The plathora of applications in organizations has grown significantly in the past decade. Enterprise, big and small now has many choices for any given task and the application portfolio seems to include everything from mammoth generalized ERPs to small specialized cloud apps. There are many reasons why companies need to maintain this application / vendor diversity and these factors make management of this diversity a constant challenge for IT Management. Integration these applications into one consistent and seamless business process is thus a challenge.

Here are a few tips to design, architect and manage integration projects better:

You’re not just integrating apps

In most integration scenarios, you aren’t just integrating applications together, you are usually integrating organizations. Departments within a company or across vendors. These organizations will have their own priorities, their own management and execution hierarchies. Most integration projects turn out to be much longer and expensive than planned for exactly this reason. Teams get fixated on the technical side of the issues and neglect the coordination and executive support necessary to execute integration projects successfully.

Build the 1st floor before you build the second floor

Kind of obvious but you will be surprised how many times integration is happening between two applications that “are supposed to get built during the integration project”. Services are being customized or new apps are being built that are supposed to integrate with existing systems. Make sure you are clear architecturally on what the system of reference is for your data and make sure that system is stable before you start building on top of it. Building on specifications is great in theory but can lead to very prolonged testing phases as teams play a stop and go with each other while they fix dependencies.

Now some architectural patterns that are very useful, and usually ignored in integration projects:

Centralized Audit and Logging

One of the biggest challenges in integrated environments is the lack of end to end visibility of data as it passes through applications. When designing make sure all systems are providing visibility of key input/output data. Ideally this should be presented in a common logging format that can then be consolidated to paint a consistent picture.

Transactional consistency

This is a fancy term for a simple concept. Loosely speaking it means that you either you do something completely or don’t do it at all. In service oriented architectures (SOA) this is a particularly common problem. Most systems now a days will expose fine grained services (Create, Update, Delete, Read) on entities and consumers are left to manage complex sequences on their own. Coarse grained services (those reflecting complex organizational business processes) will generally require more than one call to the service. For example a coarse grained bank loan creation method might need to call a fine grained account creation, then a fine grained customer creation and a fine grained loan creation. If one of the three services fails, a rollback would need to be done to ensure the loan creation transaction remains consistent. Very few application vendors provide transaction support in web services so the only option left is to manually revert the data for any calls already made. i.e. fire a delete for a create etc.. While specific scenarios vary, this is definitely something to think about.

Idempotence

A very useful architectural trait but rarely ignored in service design. Impotent services are those that can be fired twice with the same message without any impact. Systems built on idempotent services exhibit higher resilience and reliability as compared to non-idempotent ones.  It also simplifies maintenance and manual rollback routines.

Performance

Tightly knit API calls are usually so efficient that the cost of executing them is rarely considered. Calls across systems (sometimes networks) are more expensive and need to planned carefully. XML based services (common in SOA scenarios) have bulkier message payloads which are expensive to serialize, transport and process. Several aspects to performance

1. Latency: The time an operation takes to execute from start to end. Particularly concerning if the consumer is a synchronous application for example a web application where the client is waiting for a reply. You can analogize this to the length of a pipe.
2. Throughout: The average number of transactions the system can process. Each might have a low or high latency but the overall capacity has to do with the overall size of the pipe. In most asynchronous scenarios (where there are no users waiting for the transaction to complete) this is more relevant.

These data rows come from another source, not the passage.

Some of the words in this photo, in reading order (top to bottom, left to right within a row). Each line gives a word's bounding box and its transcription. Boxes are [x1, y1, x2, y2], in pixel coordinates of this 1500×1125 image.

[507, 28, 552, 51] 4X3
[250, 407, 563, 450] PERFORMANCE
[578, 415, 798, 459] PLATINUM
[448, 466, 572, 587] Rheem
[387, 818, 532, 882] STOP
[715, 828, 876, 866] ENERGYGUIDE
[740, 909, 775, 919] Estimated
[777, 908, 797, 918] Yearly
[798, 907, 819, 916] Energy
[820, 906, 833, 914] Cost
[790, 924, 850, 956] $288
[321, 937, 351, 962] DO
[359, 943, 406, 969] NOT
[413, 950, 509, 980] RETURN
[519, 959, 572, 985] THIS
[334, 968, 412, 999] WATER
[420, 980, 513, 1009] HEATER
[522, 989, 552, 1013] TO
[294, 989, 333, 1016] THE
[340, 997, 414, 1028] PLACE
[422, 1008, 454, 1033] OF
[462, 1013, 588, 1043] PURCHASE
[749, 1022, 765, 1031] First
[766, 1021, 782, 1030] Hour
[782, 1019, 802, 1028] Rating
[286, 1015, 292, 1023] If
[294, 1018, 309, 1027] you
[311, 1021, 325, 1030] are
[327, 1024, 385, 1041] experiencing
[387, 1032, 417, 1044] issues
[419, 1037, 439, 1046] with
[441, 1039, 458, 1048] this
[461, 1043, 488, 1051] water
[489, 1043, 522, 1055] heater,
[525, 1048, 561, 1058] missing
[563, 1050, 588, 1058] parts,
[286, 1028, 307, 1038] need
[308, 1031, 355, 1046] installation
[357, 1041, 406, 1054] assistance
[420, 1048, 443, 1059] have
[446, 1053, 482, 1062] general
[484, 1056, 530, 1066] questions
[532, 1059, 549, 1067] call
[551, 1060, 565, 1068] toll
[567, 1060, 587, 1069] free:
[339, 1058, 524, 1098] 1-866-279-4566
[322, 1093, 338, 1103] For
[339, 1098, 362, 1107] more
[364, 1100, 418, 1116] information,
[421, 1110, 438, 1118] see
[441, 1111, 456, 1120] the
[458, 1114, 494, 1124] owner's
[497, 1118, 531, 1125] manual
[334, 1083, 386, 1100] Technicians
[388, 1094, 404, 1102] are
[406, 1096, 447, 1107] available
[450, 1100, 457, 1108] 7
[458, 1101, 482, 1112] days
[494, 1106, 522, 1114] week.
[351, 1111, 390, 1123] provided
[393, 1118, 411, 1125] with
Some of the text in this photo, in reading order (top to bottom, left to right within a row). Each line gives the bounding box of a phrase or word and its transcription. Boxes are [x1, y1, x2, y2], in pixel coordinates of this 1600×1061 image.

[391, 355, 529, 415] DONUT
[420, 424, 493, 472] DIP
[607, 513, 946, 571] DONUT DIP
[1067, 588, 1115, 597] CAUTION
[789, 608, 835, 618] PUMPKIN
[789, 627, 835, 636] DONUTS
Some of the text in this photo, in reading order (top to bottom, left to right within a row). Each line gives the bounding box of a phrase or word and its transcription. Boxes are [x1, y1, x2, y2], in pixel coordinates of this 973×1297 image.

Synchronous vs Asynchronous

I refer here to the way the user interacts with the data. For example when you place an order on an online shop you can expect the system to immediate tell you that your order has been processed or it can potentially start off the order fulfillment process and tell the user that they will be intimated when that is done. As a general rule, synchronous processes are much simpler to implement than asynchronous processes however a system designed for asynchronous operation has much higher hardware asset utilization and resilience.

There are a few more of these which I will try to cover in a separate post.